Task inputs START

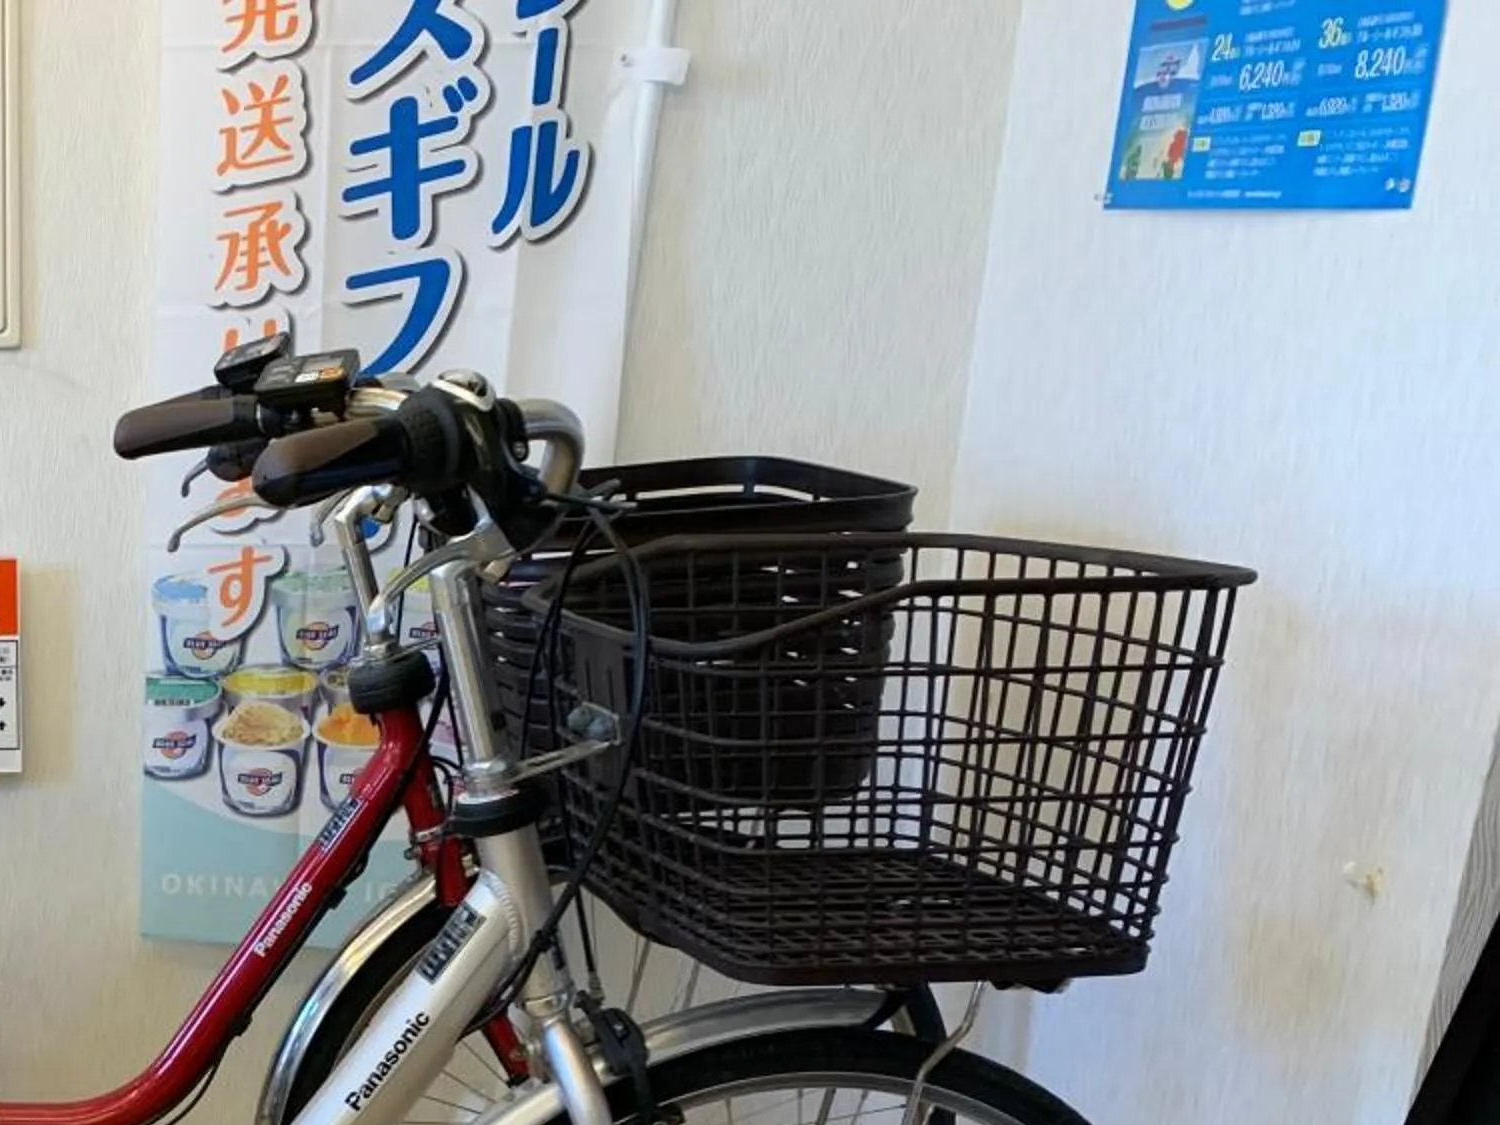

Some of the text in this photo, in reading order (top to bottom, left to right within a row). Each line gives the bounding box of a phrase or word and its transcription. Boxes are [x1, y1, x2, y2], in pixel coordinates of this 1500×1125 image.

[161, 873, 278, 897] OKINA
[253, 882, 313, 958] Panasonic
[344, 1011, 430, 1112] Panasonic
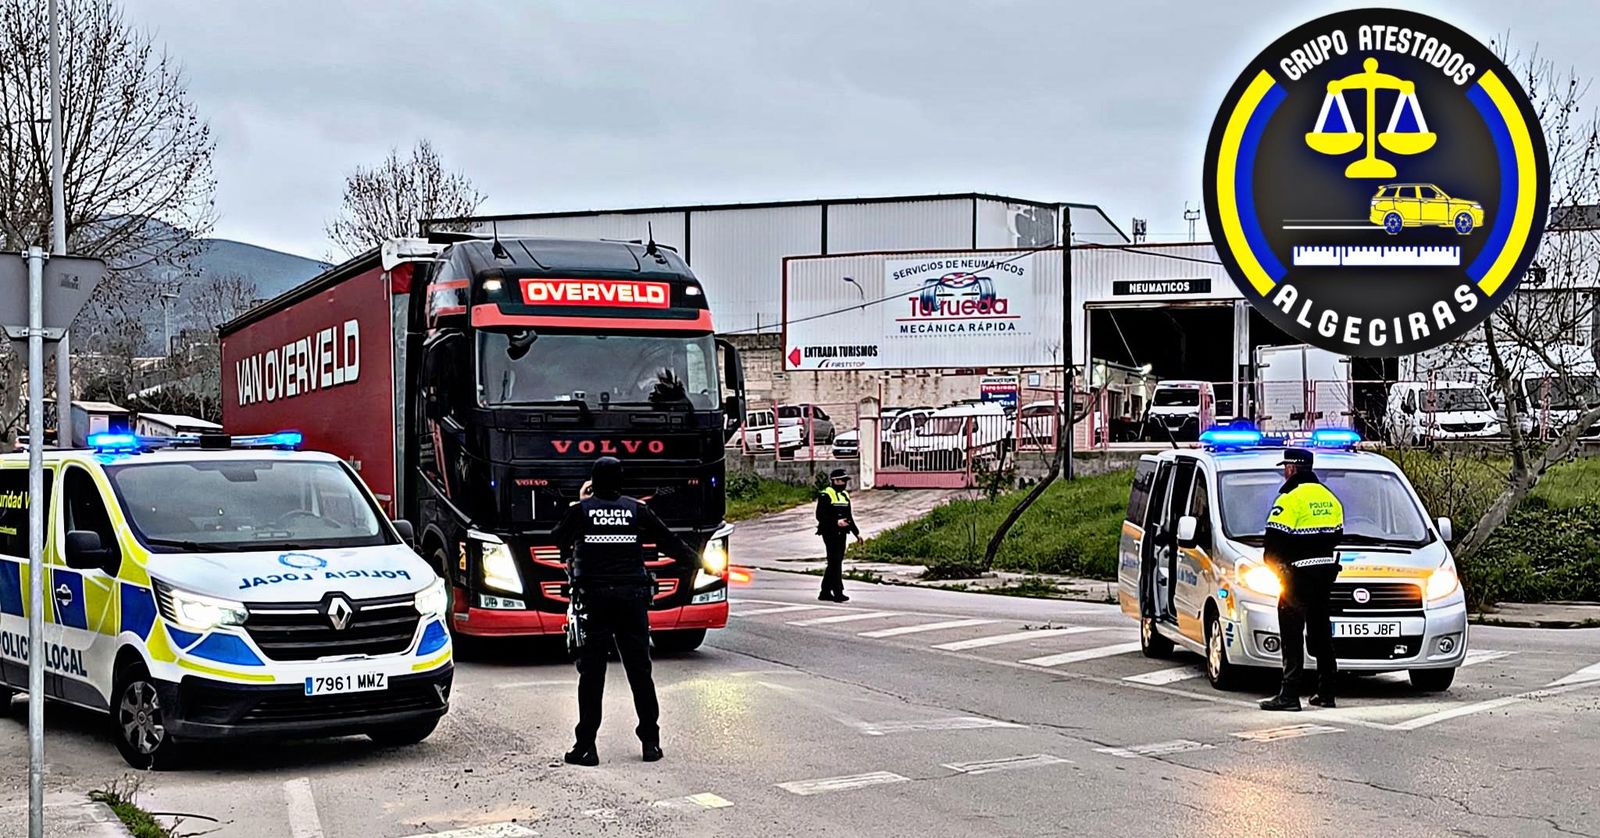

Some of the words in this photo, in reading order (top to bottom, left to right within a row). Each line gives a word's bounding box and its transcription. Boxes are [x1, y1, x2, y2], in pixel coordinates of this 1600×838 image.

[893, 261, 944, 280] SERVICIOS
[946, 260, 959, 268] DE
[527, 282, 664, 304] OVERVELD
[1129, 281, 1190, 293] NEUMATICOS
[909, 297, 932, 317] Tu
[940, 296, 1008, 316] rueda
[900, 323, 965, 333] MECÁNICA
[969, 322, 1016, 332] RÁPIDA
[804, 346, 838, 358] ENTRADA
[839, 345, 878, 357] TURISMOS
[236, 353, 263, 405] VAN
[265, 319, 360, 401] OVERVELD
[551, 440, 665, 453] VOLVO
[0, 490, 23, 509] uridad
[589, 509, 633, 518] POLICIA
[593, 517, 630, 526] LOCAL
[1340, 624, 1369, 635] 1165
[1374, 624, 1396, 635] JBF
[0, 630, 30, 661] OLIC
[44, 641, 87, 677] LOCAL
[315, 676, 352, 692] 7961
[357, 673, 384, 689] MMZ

Task inputs END

■ Exercise prompt:
Print the line that contains "Some of the words", then every later line of the entries above up to and including the last, all exactly as written.

■ Output below:
Some of the words in this photo, in reading order (top to bottom, left to right within a row). Each line gives a word's bounding box and its transcription. Boxes are [x1, y1, x2, y2], in pixel coordinates of this 1600×838 image.

[893, 261, 944, 280] SERVICIOS
[946, 260, 959, 268] DE
[527, 282, 664, 304] OVERVELD
[1129, 281, 1190, 293] NEUMATICOS
[909, 297, 932, 317] Tu
[940, 296, 1008, 316] rueda
[900, 323, 965, 333] MECÁNICA
[969, 322, 1016, 332] RÁPIDA
[804, 346, 838, 358] ENTRADA
[839, 345, 878, 357] TURISMOS
[236, 353, 263, 405] VAN
[265, 319, 360, 401] OVERVELD
[551, 440, 665, 453] VOLVO
[0, 490, 23, 509] uridad
[589, 509, 633, 518] POLICIA
[593, 517, 630, 526] LOCAL
[1340, 624, 1369, 635] 1165
[1374, 624, 1396, 635] JBF
[0, 630, 30, 661] OLIC
[44, 641, 87, 677] LOCAL
[315, 676, 352, 692] 7961
[357, 673, 384, 689] MMZ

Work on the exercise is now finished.